Exercise prompt
Reproduce the records exactly.
◇ ◇ ◇
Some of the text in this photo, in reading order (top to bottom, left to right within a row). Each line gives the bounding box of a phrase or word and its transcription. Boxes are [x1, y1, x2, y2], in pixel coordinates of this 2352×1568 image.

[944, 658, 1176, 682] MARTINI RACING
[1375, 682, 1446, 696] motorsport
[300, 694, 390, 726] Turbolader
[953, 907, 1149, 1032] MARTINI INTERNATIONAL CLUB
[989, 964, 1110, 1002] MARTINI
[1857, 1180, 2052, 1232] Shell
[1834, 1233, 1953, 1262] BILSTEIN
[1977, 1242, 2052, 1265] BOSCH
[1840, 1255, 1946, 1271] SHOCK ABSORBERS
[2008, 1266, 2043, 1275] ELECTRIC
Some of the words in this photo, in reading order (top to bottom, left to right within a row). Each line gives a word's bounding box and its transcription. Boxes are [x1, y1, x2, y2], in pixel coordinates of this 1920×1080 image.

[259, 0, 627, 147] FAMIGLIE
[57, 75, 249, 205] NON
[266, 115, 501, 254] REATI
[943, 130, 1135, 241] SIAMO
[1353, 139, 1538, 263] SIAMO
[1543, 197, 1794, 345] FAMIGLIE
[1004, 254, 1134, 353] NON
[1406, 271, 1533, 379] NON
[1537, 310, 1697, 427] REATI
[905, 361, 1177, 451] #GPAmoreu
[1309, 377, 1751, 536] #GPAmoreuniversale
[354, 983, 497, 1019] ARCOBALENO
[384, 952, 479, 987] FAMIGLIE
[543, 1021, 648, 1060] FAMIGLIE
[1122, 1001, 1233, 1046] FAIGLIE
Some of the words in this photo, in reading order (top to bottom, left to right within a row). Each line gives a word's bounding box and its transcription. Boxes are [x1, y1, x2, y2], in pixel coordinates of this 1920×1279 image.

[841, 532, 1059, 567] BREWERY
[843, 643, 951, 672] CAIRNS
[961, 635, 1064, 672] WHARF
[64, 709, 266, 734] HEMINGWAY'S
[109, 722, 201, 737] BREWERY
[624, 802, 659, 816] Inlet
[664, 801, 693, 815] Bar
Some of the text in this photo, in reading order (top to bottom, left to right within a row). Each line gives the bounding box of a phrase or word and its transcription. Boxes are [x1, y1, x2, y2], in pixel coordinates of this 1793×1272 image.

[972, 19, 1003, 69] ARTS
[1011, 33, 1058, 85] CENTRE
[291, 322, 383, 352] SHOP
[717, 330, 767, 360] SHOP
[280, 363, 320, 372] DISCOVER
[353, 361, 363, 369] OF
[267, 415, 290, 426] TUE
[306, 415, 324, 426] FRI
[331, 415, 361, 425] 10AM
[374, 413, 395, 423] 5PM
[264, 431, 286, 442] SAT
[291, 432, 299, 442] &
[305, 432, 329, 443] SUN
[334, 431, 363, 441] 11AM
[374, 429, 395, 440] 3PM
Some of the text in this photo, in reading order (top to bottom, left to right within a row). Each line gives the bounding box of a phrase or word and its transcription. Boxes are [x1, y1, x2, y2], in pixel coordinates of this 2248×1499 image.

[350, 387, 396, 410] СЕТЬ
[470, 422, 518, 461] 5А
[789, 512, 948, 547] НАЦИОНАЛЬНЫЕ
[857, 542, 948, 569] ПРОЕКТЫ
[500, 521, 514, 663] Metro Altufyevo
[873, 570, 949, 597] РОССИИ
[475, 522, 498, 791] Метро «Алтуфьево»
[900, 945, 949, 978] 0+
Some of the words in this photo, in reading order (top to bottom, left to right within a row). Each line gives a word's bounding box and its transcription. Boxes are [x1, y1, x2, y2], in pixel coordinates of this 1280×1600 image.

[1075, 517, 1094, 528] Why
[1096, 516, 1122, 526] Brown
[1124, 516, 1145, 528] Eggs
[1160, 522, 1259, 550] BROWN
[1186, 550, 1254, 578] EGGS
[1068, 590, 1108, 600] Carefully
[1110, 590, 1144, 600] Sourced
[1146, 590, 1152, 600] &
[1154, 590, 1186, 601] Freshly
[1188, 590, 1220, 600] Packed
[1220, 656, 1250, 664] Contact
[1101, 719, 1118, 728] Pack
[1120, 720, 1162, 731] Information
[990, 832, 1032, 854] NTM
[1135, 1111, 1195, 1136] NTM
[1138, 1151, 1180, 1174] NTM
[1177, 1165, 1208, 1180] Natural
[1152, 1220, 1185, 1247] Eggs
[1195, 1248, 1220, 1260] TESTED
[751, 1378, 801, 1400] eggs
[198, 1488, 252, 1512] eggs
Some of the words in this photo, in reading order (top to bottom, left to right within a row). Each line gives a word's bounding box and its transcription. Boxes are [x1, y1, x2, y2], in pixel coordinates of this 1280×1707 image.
◇ ◇ ◇
Response to this exercise
Some of the text in this photo, in reading order (top to bottom, left to right within a row). Each line gives the bounding box of a phrase or word and its transcription. Boxes are [x1, y1, x2, y2], in pixel coordinates of this 2352×1568 image.

[944, 658, 1176, 682] MARTINI RACING
[1375, 682, 1446, 696] motorsport
[300, 694, 390, 726] Turbolader
[953, 907, 1149, 1032] MARTINI INTERNATIONAL CLUB
[989, 964, 1110, 1002] MARTINI
[1857, 1180, 2052, 1232] Shell
[1834, 1233, 1953, 1262] BILSTEIN
[1977, 1242, 2052, 1265] BOSCH
[1840, 1255, 1946, 1271] SHOCK ABSORBERS
[2008, 1266, 2043, 1275] ELECTRIC
Some of the words in this photo, in reading order (top to bottom, left to right within a row). Each line gives a word's bounding box and its transcription. Boxes are [x1, y1, x2, y2], in pixel coordinates of this 1920×1080 image.

[259, 0, 627, 147] FAMIGLIE
[57, 75, 249, 205] NON
[266, 115, 501, 254] REATI
[943, 130, 1135, 241] SIAMO
[1353, 139, 1538, 263] SIAMO
[1543, 197, 1794, 345] FAMIGLIE
[1004, 254, 1134, 353] NON
[1406, 271, 1533, 379] NON
[1537, 310, 1697, 427] REATI
[905, 361, 1177, 451] #GPAmoreu
[1309, 377, 1751, 536] #GPAmoreuniversale
[354, 983, 497, 1019] ARCOBALENO
[384, 952, 479, 987] FAMIGLIE
[543, 1021, 648, 1060] FAMIGLIE
[1122, 1001, 1233, 1046] FAIGLIE
Some of the words in this photo, in reading order (top to bottom, left to right within a row). Each line gives a word's bounding box and its transcription. Boxes are [x1, y1, x2, y2], in pixel coordinates of this 1920×1279 image.

[841, 532, 1059, 567] BREWERY
[843, 643, 951, 672] CAIRNS
[961, 635, 1064, 672] WHARF
[64, 709, 266, 734] HEMINGWAY'S
[109, 722, 201, 737] BREWERY
[624, 802, 659, 816] Inlet
[664, 801, 693, 815] Bar
Some of the text in this photo, in reading order (top to bottom, left to right within a row). Each line gives the bounding box of a phrase or word and its transcription. Boxes are [x1, y1, x2, y2], in pixel coordinates of this 1793×1272 image.

[972, 19, 1003, 69] ARTS
[1011, 33, 1058, 85] CENTRE
[291, 322, 383, 352] SHOP
[717, 330, 767, 360] SHOP
[280, 363, 320, 372] DISCOVER
[353, 361, 363, 369] OF
[267, 415, 290, 426] TUE
[306, 415, 324, 426] FRI
[331, 415, 361, 425] 10AM
[374, 413, 395, 423] 5PM
[264, 431, 286, 442] SAT
[291, 432, 299, 442] &
[305, 432, 329, 443] SUN
[334, 431, 363, 441] 11AM
[374, 429, 395, 440] 3PM
Some of the text in this photo, in reading order (top to bottom, left to right within a row). Each line gives the bounding box of a phrase or word and its transcription. Boxes are [x1, y1, x2, y2], in pixel coordinates of this 2248×1499 image.

[350, 387, 396, 410] СЕТЬ
[470, 422, 518, 461] 5А
[789, 512, 948, 547] НАЦИОНАЛЬНЫЕ
[857, 542, 948, 569] ПРОЕКТЫ
[500, 521, 514, 663] Metro Altufyevo
[873, 570, 949, 597] РОССИИ
[475, 522, 498, 791] Метро «Алтуфьево»
[900, 945, 949, 978] 0+
Some of the words in this photo, in reading order (top to bottom, left to right within a row). Each line gives a word's bounding box and its transcription. Boxes are [x1, y1, x2, y2], in pixel coordinates of this 1280×1600 image.

[1075, 517, 1094, 528] Why
[1096, 516, 1122, 526] Brown
[1124, 516, 1145, 528] Eggs
[1160, 522, 1259, 550] BROWN
[1186, 550, 1254, 578] EGGS
[1068, 590, 1108, 600] Carefully
[1110, 590, 1144, 600] Sourced
[1146, 590, 1152, 600] &
[1154, 590, 1186, 601] Freshly
[1188, 590, 1220, 600] Packed
[1220, 656, 1250, 664] Contact
[1101, 719, 1118, 728] Pack
[1120, 720, 1162, 731] Information
[990, 832, 1032, 854] NTM
[1135, 1111, 1195, 1136] NTM
[1138, 1151, 1180, 1174] NTM
[1177, 1165, 1208, 1180] Natural
[1152, 1220, 1185, 1247] Eggs
[1195, 1248, 1220, 1260] TESTED
[751, 1378, 801, 1400] eggs
[198, 1488, 252, 1512] eggs
Some of the words in this photo, in reading order (top to bottom, left to right within a row). Each line gives a word's bounding box and its transcription. Boxes are [x1, y1, x2, y2], in pixel coordinates of this 1280×1707 image.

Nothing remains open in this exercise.